I came across your blog accidentally, and I love it. Your ten commandments of blogging is what every blogger should do by...

I have a question and I hope you will answer it. I saw the picture of the wedding band, which was rather plain. I am an Orthodox Jew, and we wear plain bands with no decoration at all. That symbolizes the unity of the couple. There are no breaks in the band, one smooth piece and it is round = eternal.

I was wondering if there is a similarity in this matter? I think you would be quite surprised at the similarities we have, in our religions, or at least for those of us who are Orthodox.

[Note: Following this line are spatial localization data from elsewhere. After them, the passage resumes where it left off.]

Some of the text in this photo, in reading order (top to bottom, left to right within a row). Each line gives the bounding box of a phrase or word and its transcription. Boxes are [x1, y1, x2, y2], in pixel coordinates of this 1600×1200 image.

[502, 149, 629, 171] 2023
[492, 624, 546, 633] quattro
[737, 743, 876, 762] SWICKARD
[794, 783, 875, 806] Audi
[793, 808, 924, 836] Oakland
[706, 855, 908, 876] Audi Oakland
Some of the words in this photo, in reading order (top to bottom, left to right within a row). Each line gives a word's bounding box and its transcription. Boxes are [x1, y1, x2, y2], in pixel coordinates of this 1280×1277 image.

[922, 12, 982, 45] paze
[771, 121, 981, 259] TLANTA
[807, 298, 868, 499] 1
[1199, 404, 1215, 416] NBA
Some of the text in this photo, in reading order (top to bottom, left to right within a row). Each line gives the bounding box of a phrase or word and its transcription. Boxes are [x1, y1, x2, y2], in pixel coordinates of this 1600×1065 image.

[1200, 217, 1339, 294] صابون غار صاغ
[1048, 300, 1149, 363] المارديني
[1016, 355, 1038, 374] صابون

Thank you for reading this, and hopefully responding. Good luck with the blog. It is one that is worthy of being read.

~Chaya



Latter-day Saints have always felt a special kinship with Jews. We see in the history of the Jewish people precedents and reflections of our own history. We identify with the difficulties and blessings of being set apart, of believing that, as a people, we are bound by covenant to bear witness of God regardless of the misunderstandings and persecutions which may follow. And we hear in the words of the ancient prophets of Israel messages for our own time, of encouragement, admonition, and affirmation.

Like our Jewish friends, we do not believe that one can separate religious life from secular. God is involved in human affairs, and holds His people to the standards He has set. The scriptures, which we study in private, with our families, and in nearly all religious activities, contain direction and laws which are intended to mark God’s people as uniquely His. While we live in countries all over the world, and are subject to the laws and practices of those nations, we recognize first and last that we answer to God in all matters, both those of state as well as those of personal conduct.

The family is central to God’s plan of happiness for His children, and both Jews and Latter-day Saints place special emphasis on the importance of raising children in righteousness and faith. Both religions believe that women are particularly privileged and duty-bound to care for and rear their children, and while women are able to contribute to their communities and the world at large, their sacred obligations are first to God, and second to their families.

The Sabbath, nearly lost to the distractions of the secular world, still holds great prominence in the lives of both Jews and Latter-day Saints. Practitioners of both faiths go to great lengths to prepare for the Sabbath, doing everything they can to make it a holy day. Some years ago, our family lived next door to a Rabbi and his family. One winter, a storm knocked down the fence between our two yards, and the men tried to find a time when they could work together to repair the damage. We were all amused to realize that, because both were devout in their Sabbath worship, the only time they could work together was during the weekday evenings; neither was available at the same time on the weekend! This was January in Seattle, and it was essentially dark by the time the men returned from work. But they still preferred to work in the dark and the cold, rather than desecrate the Sabbath.

Latter-day Saints have great respect for the moral mandates contained in the Law of Moses. As do our Jewish friends, we do not believe we are free to pick and choose which commandments we will keep and which we will ignore. We honor and revere Moses as the great lawgiver, created in the very image of God. We see in his leading Israel out of Egypt the symbolism of removing God’s covenant people from the bonds of an evil and idolatrous world.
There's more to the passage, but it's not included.